Baltimore, MD—Human activity endangers coral health around the world. A new algal threat is taking advantage of coral’s already precarious situation in the Caribbean and making it even harder for reef ecosystems to grow.

Just-published research in Scientific Reports details how an aggressive, golden-brown, crust-like alga is rapidly overgrowing shallow reefs, taking the place of coral that was damaged by extreme storms and exacerbating the damage caused by ocean acidification, disease, pollution, and bleaching.

For the past four years, the University of Oxford’s Bryan Wilson, Carnegie’s Chen‑Ming Fan, and California State University Northridge’s Peter Edmunds have been studying the biology and ecology of peyssonnelid algal crusts, or PAC, in the U.S. Virgin Islands, which are out-competing coral larvae for limited surface space and then growing over the existing reef architecture, greatly damaging these fragile ecosystems.

Image: Orange peyssonnelid algal crusts spreading over a lobe of Orbicella annularis at 14-meter depth on the Tektite reef on the southern shore of St. John, U.S. Virgin Islands. Courtesy of Peter Edmunds.

“This alga seems to be something of an ecological winner in our changing world,” described lead author Wilson, noting that the various other threats to coral communities make them more susceptible to the algal crusts.

Edmunds first took note of the crusts’ invasive growth in the wake of category 5 hurricanes Irma and Maria when they were rapidly taking over spaces that had been blasted clean by the storms.

Corals are marine invertebrates that build large exoskeletons from which reefs are constructed. To grow new reef structures, free-floating baby corals first have to successfully attach to a stable surface. They prefer to settle on the crusty surface created by a specific type of friendly algae that grows on the local rocks. These coralline crustose algae, or CCA, acts as guideposts for the coral larvae, producing biochemical signals along with their associated microbial community, which entice the baby coral to affix itself.  

What puzzled the researchers is that both the destructive PAC and the helpful CCA grow on rocks and create a crust, but PAC exclude coral settlement and CCA entices it. What drives this difference?

The team set out to determine how the golden-brown PAC affects Caribbean coral reefs, and found that the PAC harbors a microbial community that is distinct from the one associated with CCA, which is known to attract corals.

Image: Peyssonnelid algal crusts spreading over a dead skeleton of Acropora palmata in shallow water in Great Lameshur Bay in St. John, U.S. Virgin Islands.
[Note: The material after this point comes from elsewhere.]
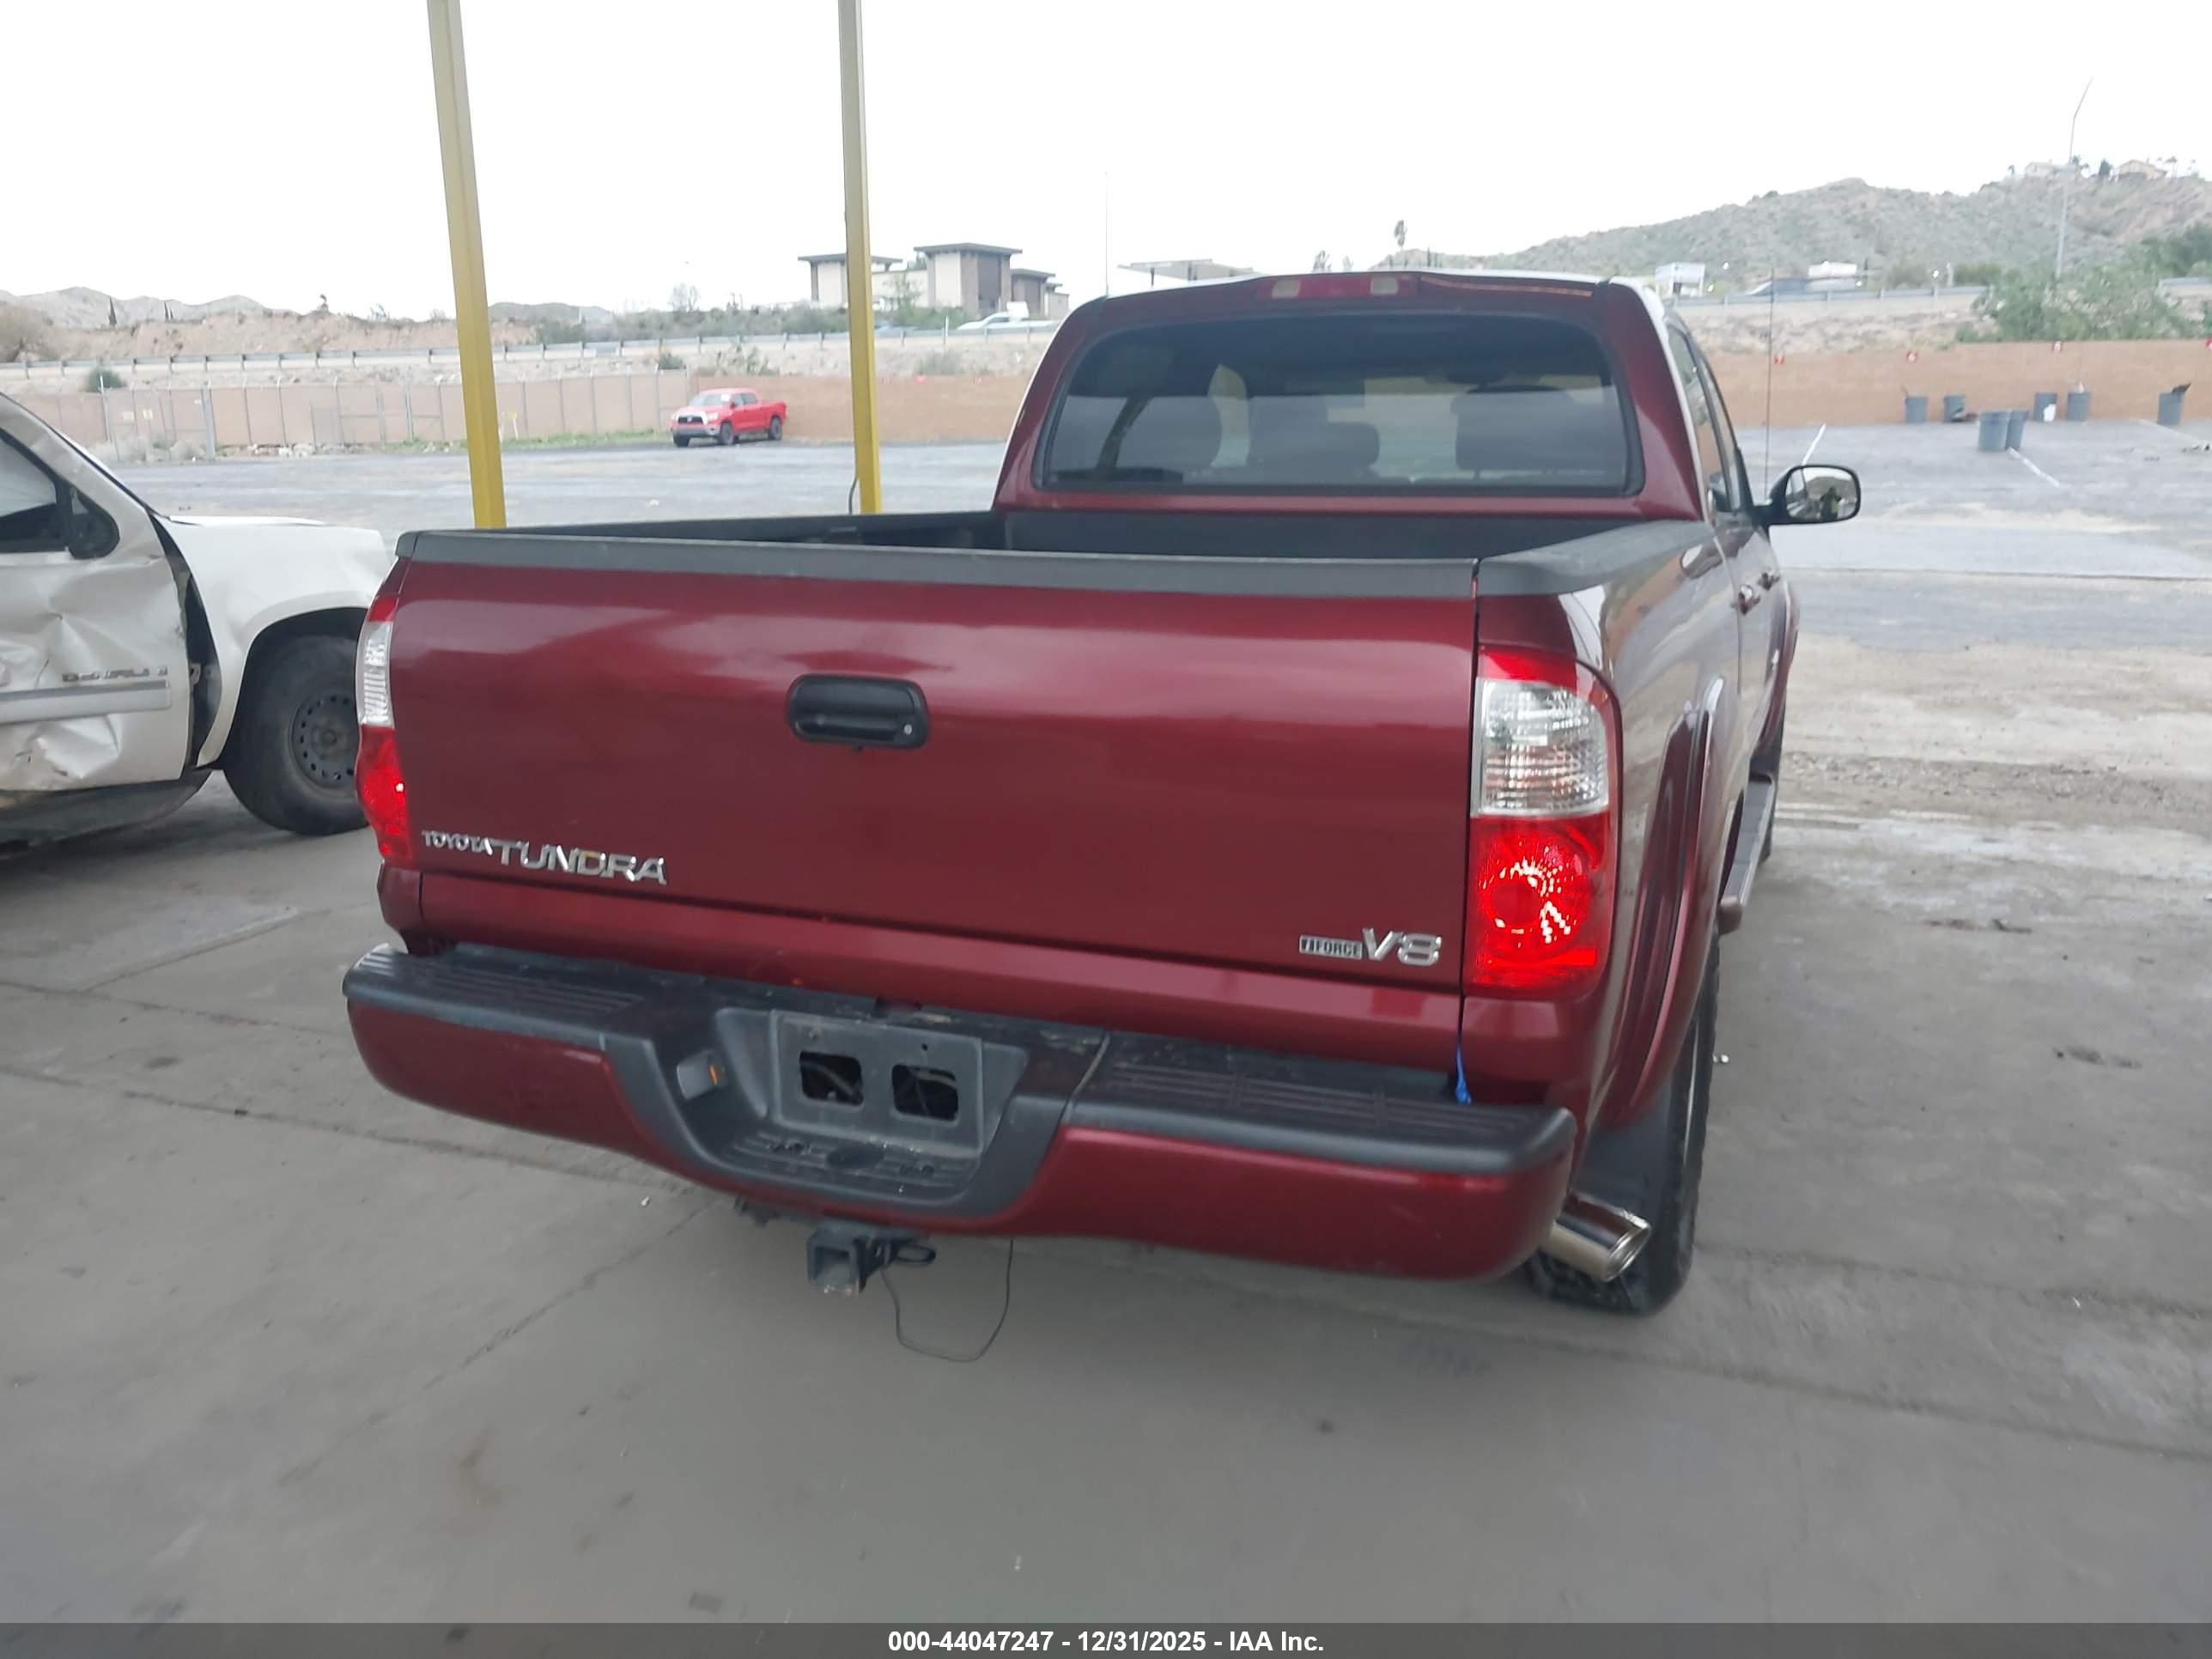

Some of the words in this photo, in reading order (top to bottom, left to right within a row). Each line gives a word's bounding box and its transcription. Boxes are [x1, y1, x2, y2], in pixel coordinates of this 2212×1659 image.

[422, 830, 493, 855] TOYOTA
[489, 837, 667, 885] TUNDRA
[1362, 927, 1443, 966] V8
Courtesy of Peter Edmunds.
 

“These PAC crusts have biochemical and structural defenses that they deploy to deter grazing from fish and other marine creatures,” explained Fan. “It is possible that these same mechanisms, which make them successful at invading the marine bio-space, also deter corals.”
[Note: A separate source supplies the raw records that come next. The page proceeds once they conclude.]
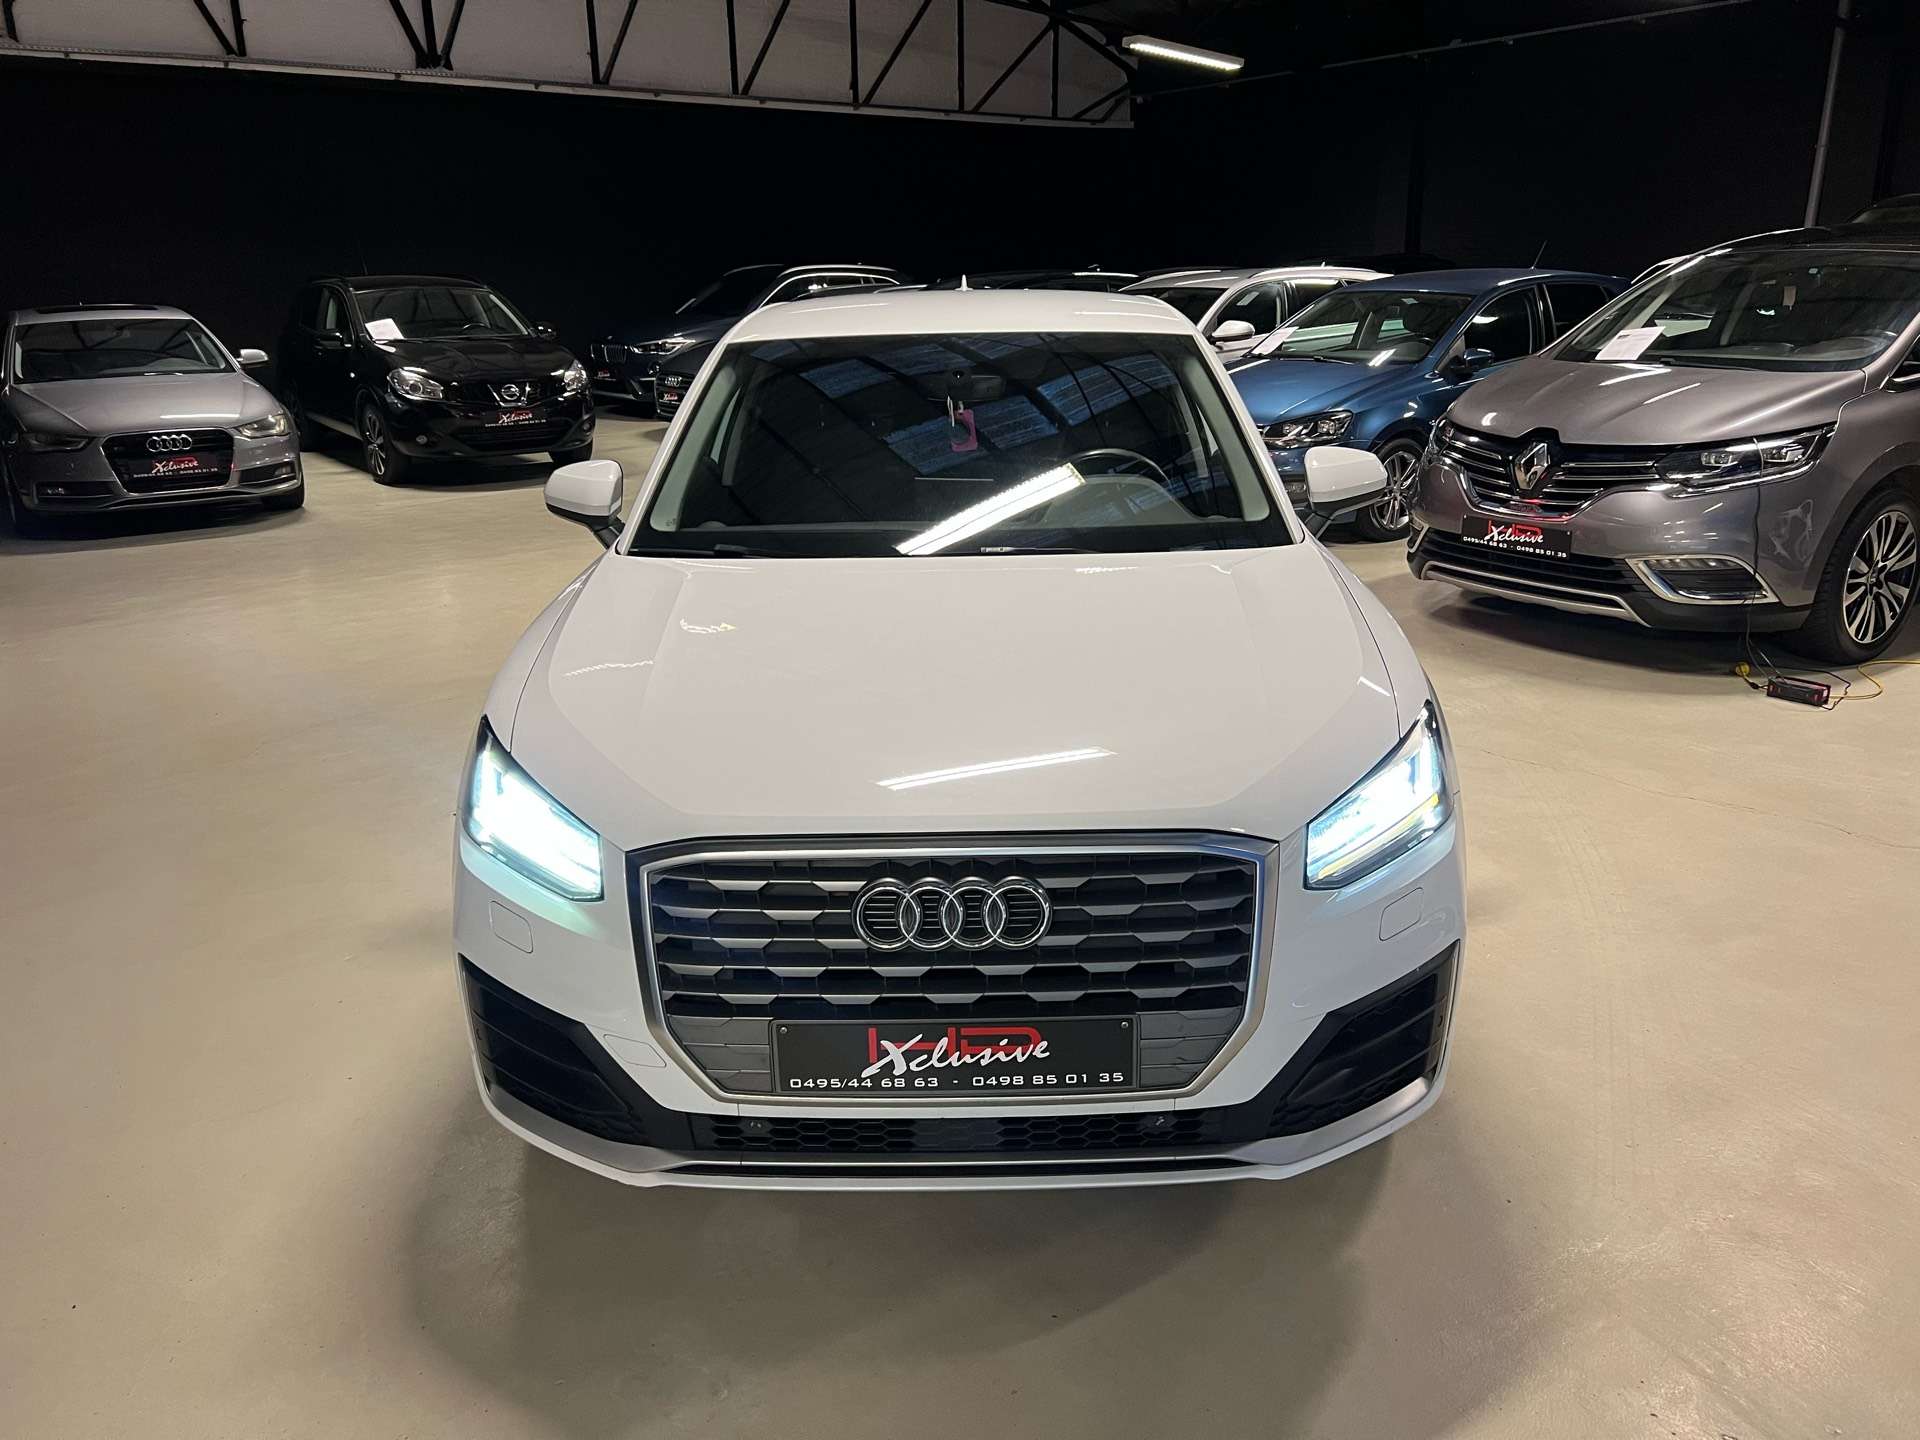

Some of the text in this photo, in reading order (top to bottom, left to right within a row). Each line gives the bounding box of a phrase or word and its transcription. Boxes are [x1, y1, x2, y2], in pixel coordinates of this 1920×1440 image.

[151, 461, 199, 474] Xclusive
[1484, 525, 1544, 543] Xclusive
[861, 1033, 1050, 1078] Xclusive
[789, 1078, 873, 1089] 0495/44
[881, 1078, 906, 1088] 68
[914, 1077, 939, 1088] 63
[972, 1075, 1025, 1086] 0498
[1032, 1074, 1058, 1085] 85
[1065, 1073, 1088, 1084] 01
[1099, 1072, 1124, 1083] 35
More research is needed to elucidate the tremendous success that the algal crusts are having in taking over Caribbean reef communities and to look for ways to mitigate the risk that they pose.
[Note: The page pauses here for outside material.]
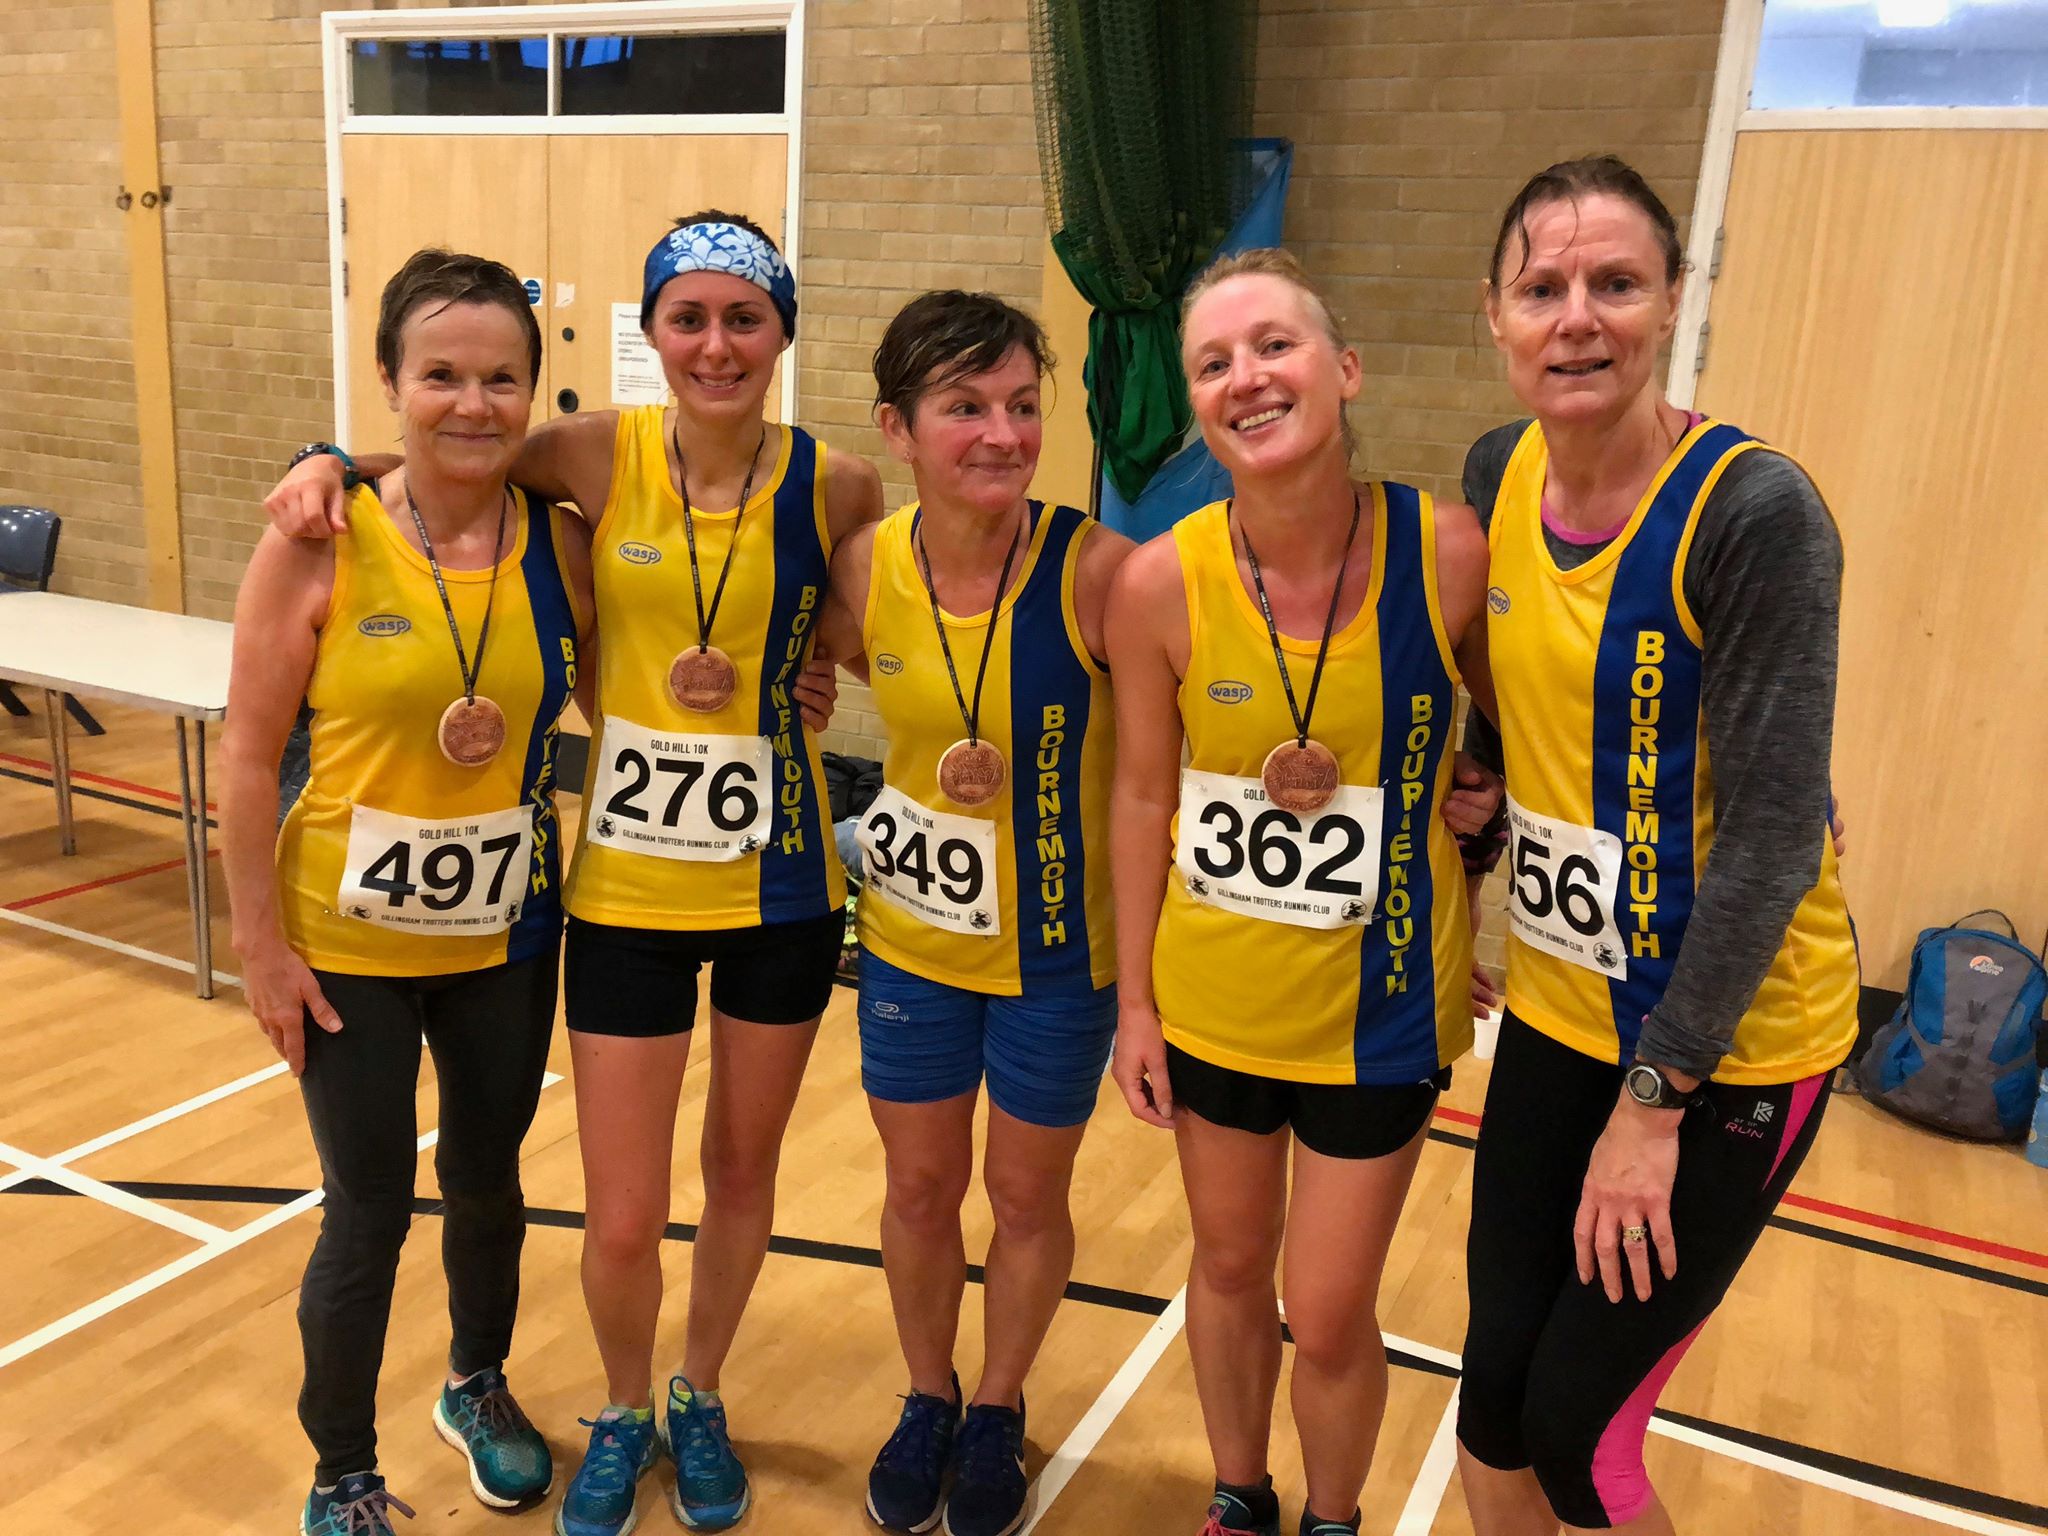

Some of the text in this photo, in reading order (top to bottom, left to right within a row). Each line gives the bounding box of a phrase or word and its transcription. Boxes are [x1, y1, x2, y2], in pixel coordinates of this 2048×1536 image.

"There is a new genomic and evolutionary frontier to explore to help us understand the complexity of organismal interactions on the reef, both mutualistic and antagonistic,” added Fan.

Edmunds concluded: “The coral and their ecosystem are so fragile as it is. They are under assault by environmental pollution and global warming. We have made their lives so fragile, yet they are sticking in there. And now this gets thrown into the mix. We don’t know if this is the straw that breaks the camel’s back, but we need to find out."

 


This work was funded by a Long Term Research in Environmental Biology grant and a Rapid Response Research grant from the U.S. National Science Foundation.

Research was completed under permits issued by the Virgin Islands National Park.